JPM Coin solves this problem by providing real-time gross settlement (RTGS). Rather than waiting two days for payments to clear, network participants can transfer tokenized fiat instantly, confidentially, and with full finality. Counterparty A has an omnibus account with a balance that gets tokenized and sent to Counterparty B’s tokenized balance, where it settles immediately.
The payment flow of JPM Coin showcases several of Ethereum’s core benefits for the finance and banking industry.

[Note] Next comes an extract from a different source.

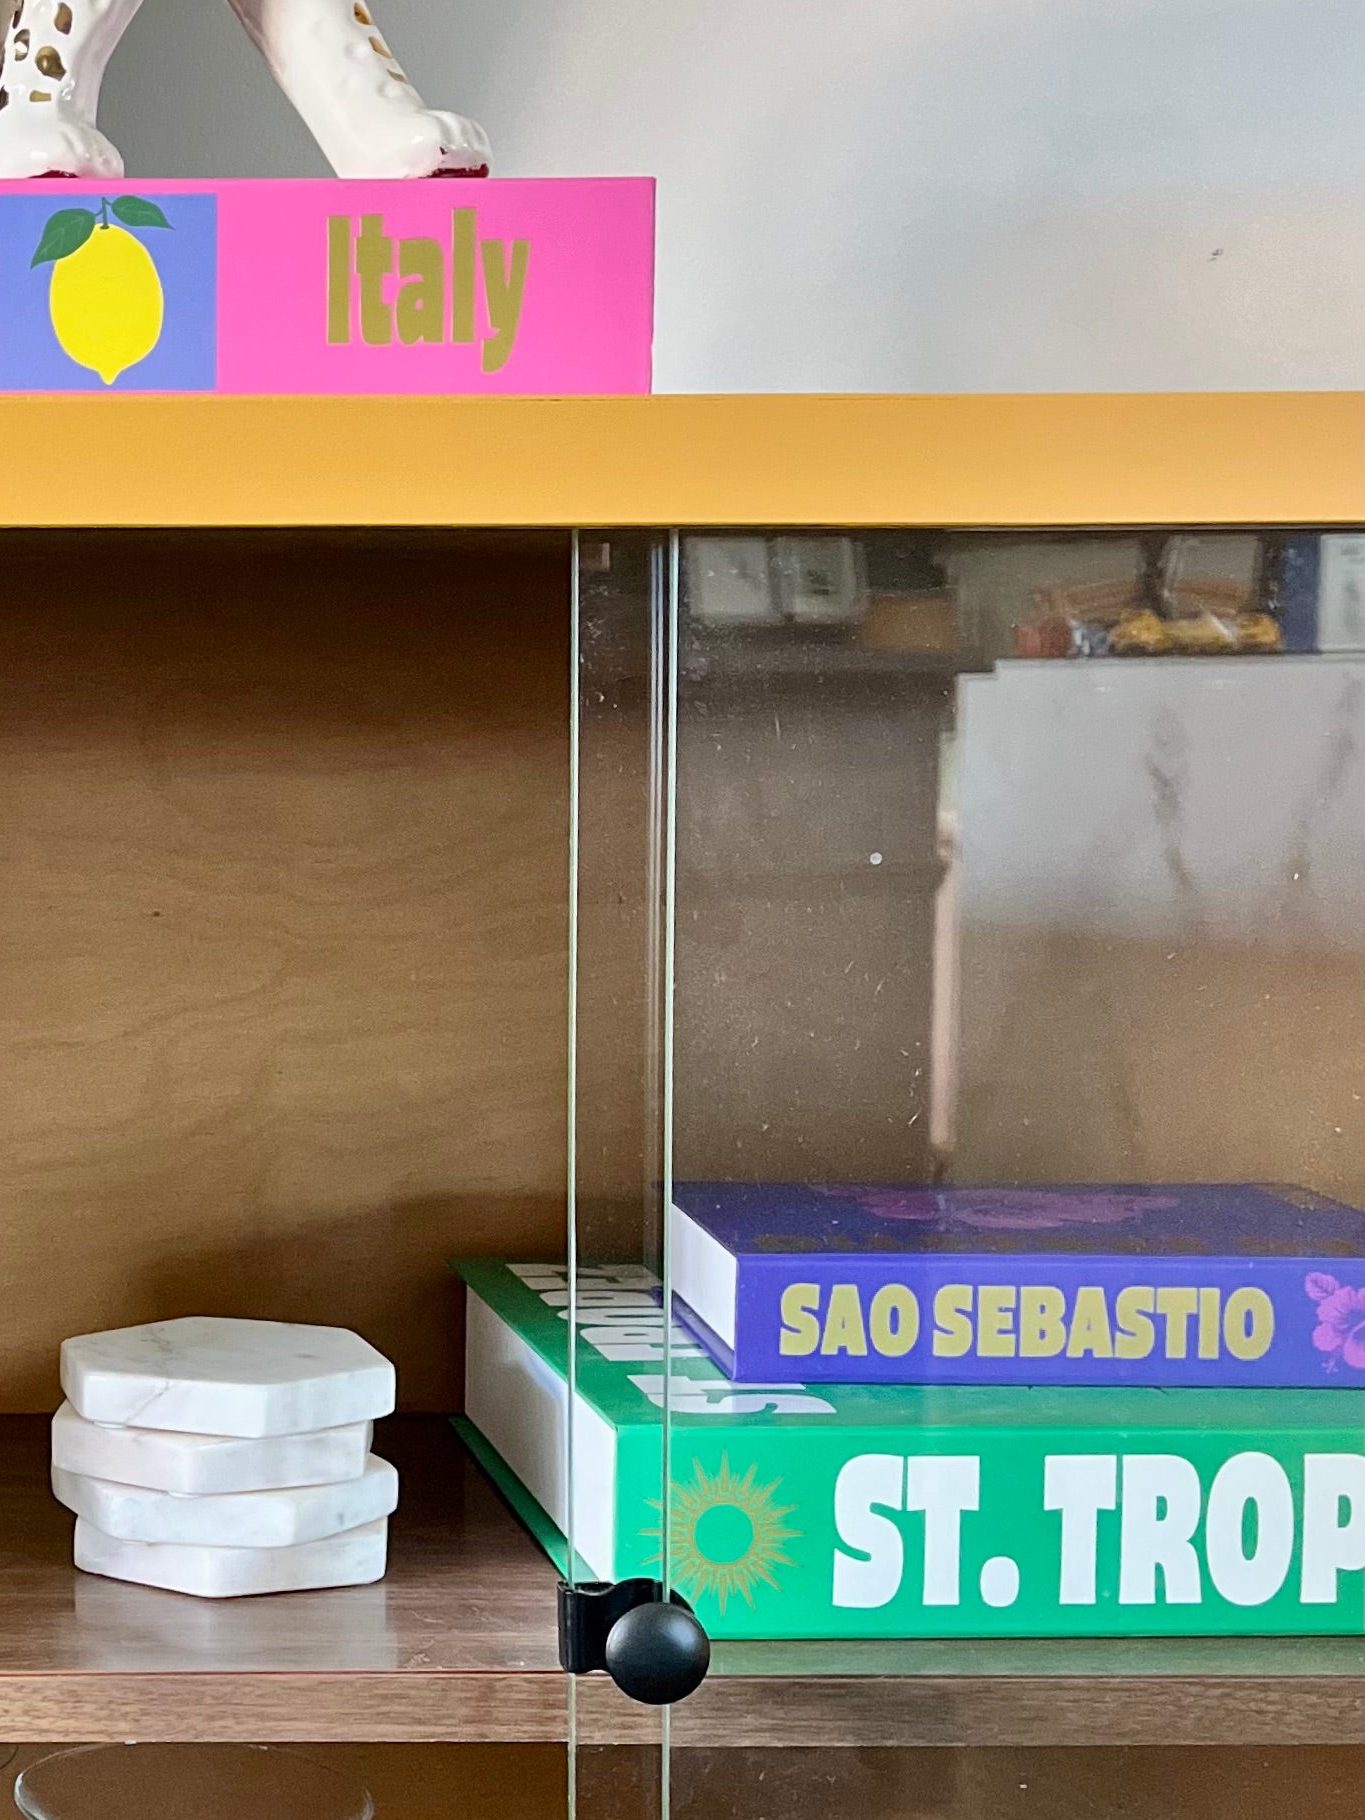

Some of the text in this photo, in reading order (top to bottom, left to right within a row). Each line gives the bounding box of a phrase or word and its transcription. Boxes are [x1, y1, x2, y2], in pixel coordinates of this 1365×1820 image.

Real-time settlement is huge, but banks also need assurance that their payment networks guarantee access controls, privacy of data, and performance.
Private Networks and the Road to Interoperability
It’s well known that enterprise blockchain use cases often require levels of authorization in order to control which parties can join the network. Ethereum offers granular privacy controls for business networks that want to form a blockchain consortium distinct from the public mainnet. With Quorum’s permissioning layer, financial institutions can trust that only authorized parties can join their private Ethereum network. Constellation, Quorum’s privacy module, uses parameters to allow participants to exchange private transactions and ensures that confidential transaction data remains confidential.
JPM’s Digital U.S dollar utilizes Quorum because it’s a private blockchain. It’s been my thesis for years that in the grand timeframe of blockchain adoption, 2019 in blockchain years is the equivalent of 1995 in internet years. Undoubtedly, we still have a long way to go and notable strides, such as institutional adoption of digital assets are happening daily. Until privacy and scalability are improved, we’ll be working on “intranets”/private blockchains. Again, daily improvements are being made toward greater privacy controls through zero-knowledge proof technology and public Ethereum scalability via layer one and two solutions.
Ethereum is pervasive. Enterprise blockchains have been rapidly developing proof of concepts, and pilots over the past year, now moving towards full-blown working products. While various private blockchain consortiums are attempting to become the enterprise blockchain moguls, Ethereum has proven to meet the demands of major corporations. Ethereum is open source demonstrating its flexibility in the form of Quorum.
What JPM Coin means for the future of enterprise blockchain solutions
Over the next year, I expect more and more firms to realize the potential benefits for enterprises, most notably, interoperability. Ethereum provides an integrated infrastructure stack that will enable the interoperability between blockchains and business networks. While Quorum and other private iterations of Ethereum are significant steps towards a more open financial system, the long-term value of enterprise Ethereum is interoperability with the public mainnet, which offers global reach, extreme resilience, and high integrity. Mainnet compatibility will significantly reduce the amount that enterprises currently invest in IT infrastructure and security.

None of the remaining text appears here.